**WHAT NEEDS TO BE DONE**
Print each entry again exactly as written, and keep the pictures out.

**DATA LISTING**
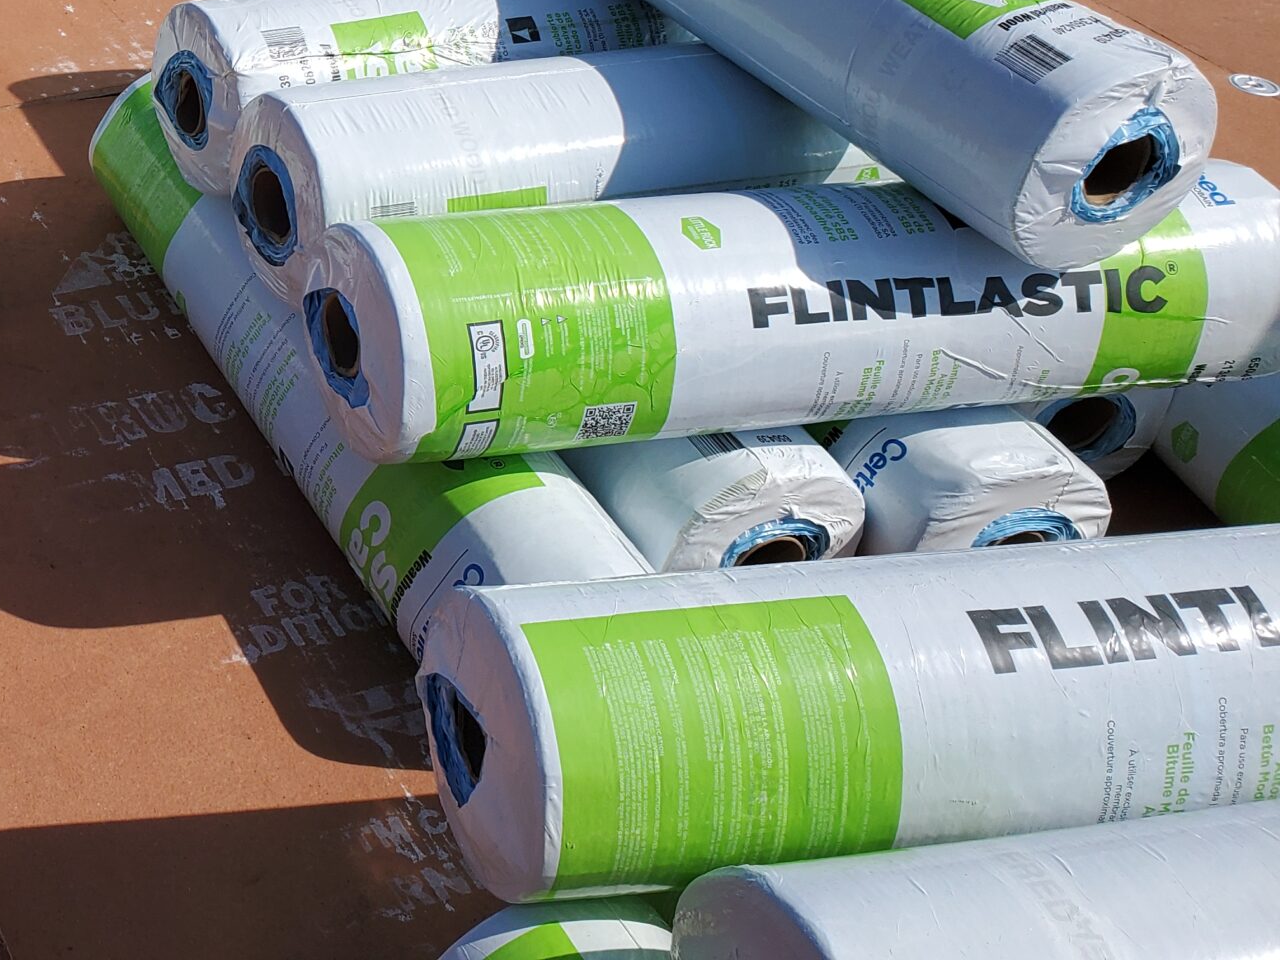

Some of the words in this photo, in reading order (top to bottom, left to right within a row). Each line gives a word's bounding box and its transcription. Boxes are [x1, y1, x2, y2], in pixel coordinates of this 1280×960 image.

[998, 11, 1030, 32] Wood
[898, 215, 916, 236] SBS
[903, 195, 937, 232] Cubierta
[912, 221, 925, 234] de
[831, 220, 850, 242] SBS
[847, 228, 859, 241] en
[747, 265, 1170, 329] FLINTLASTIC
[242, 312, 264, 346] Bitume
[873, 359, 885, 390] Feuille
[931, 349, 942, 377] Betún
[856, 367, 873, 398] Bitume
[965, 585, 1280, 674] FLINTL
[1218, 696, 1228, 748] Cobertura
[1106, 720, 1116, 774] Couverture
[1239, 727, 1249, 750] Para
[1261, 724, 1275, 768] Betún
[1162, 744, 1180, 798] Bitume
[1180, 731, 1196, 784] Feuille
[1237, 752, 1245, 770] uso
[1126, 760, 1136, 791] utiliser
[1211, 749, 1226, 802] aproximada
[1176, 787, 1190, 806] de
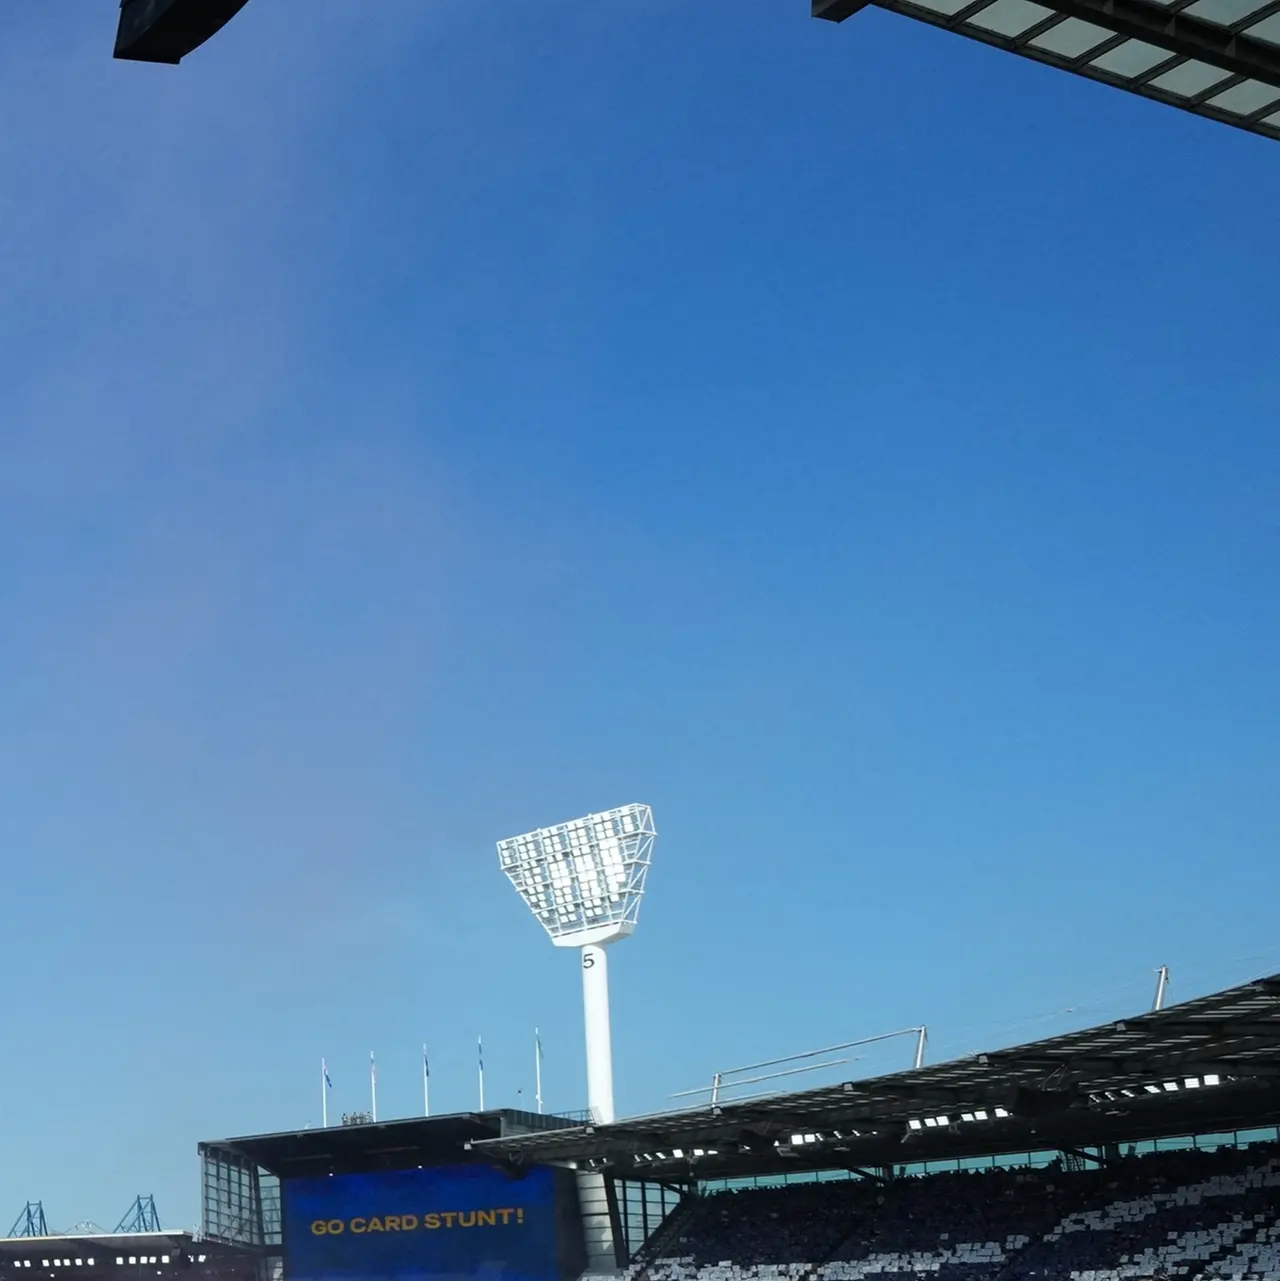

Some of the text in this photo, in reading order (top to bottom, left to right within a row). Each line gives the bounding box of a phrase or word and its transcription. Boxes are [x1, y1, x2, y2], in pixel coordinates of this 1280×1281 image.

[311, 1208, 523, 1235] GO CARD STUNT!

**RESULT FOR THIS EXERCISE**
Some of the words in this photo, in reading order (top to bottom, left to right within a row). Each line gives a word's bounding box and its transcription. Boxes are [x1, y1, x2, y2], in pixel coordinates of this 1280×960 image.

[998, 11, 1030, 32] Wood
[898, 215, 916, 236] SBS
[903, 195, 937, 232] Cubierta
[912, 221, 925, 234] de
[831, 220, 850, 242] SBS
[847, 228, 859, 241] en
[747, 265, 1170, 329] FLINTLASTIC
[242, 312, 264, 346] Bitume
[873, 359, 885, 390] Feuille
[931, 349, 942, 377] Betún
[856, 367, 873, 398] Bitume
[965, 585, 1280, 674] FLINTL
[1218, 696, 1228, 748] Cobertura
[1106, 720, 1116, 774] Couverture
[1239, 727, 1249, 750] Para
[1261, 724, 1275, 768] Betún
[1162, 744, 1180, 798] Bitume
[1180, 731, 1196, 784] Feuille
[1237, 752, 1245, 770] uso
[1126, 760, 1136, 791] utiliser
[1211, 749, 1226, 802] aproximada
[1176, 787, 1190, 806] de

Some of the text in this photo, in reading order (top to bottom, left to right within a row). Each line gives the bounding box of a phrase or word and its transcription. Boxes are [x1, y1, x2, y2], in pixel coordinates of this 1280×1281 image.

[311, 1208, 523, 1235] GO CARD STUNT!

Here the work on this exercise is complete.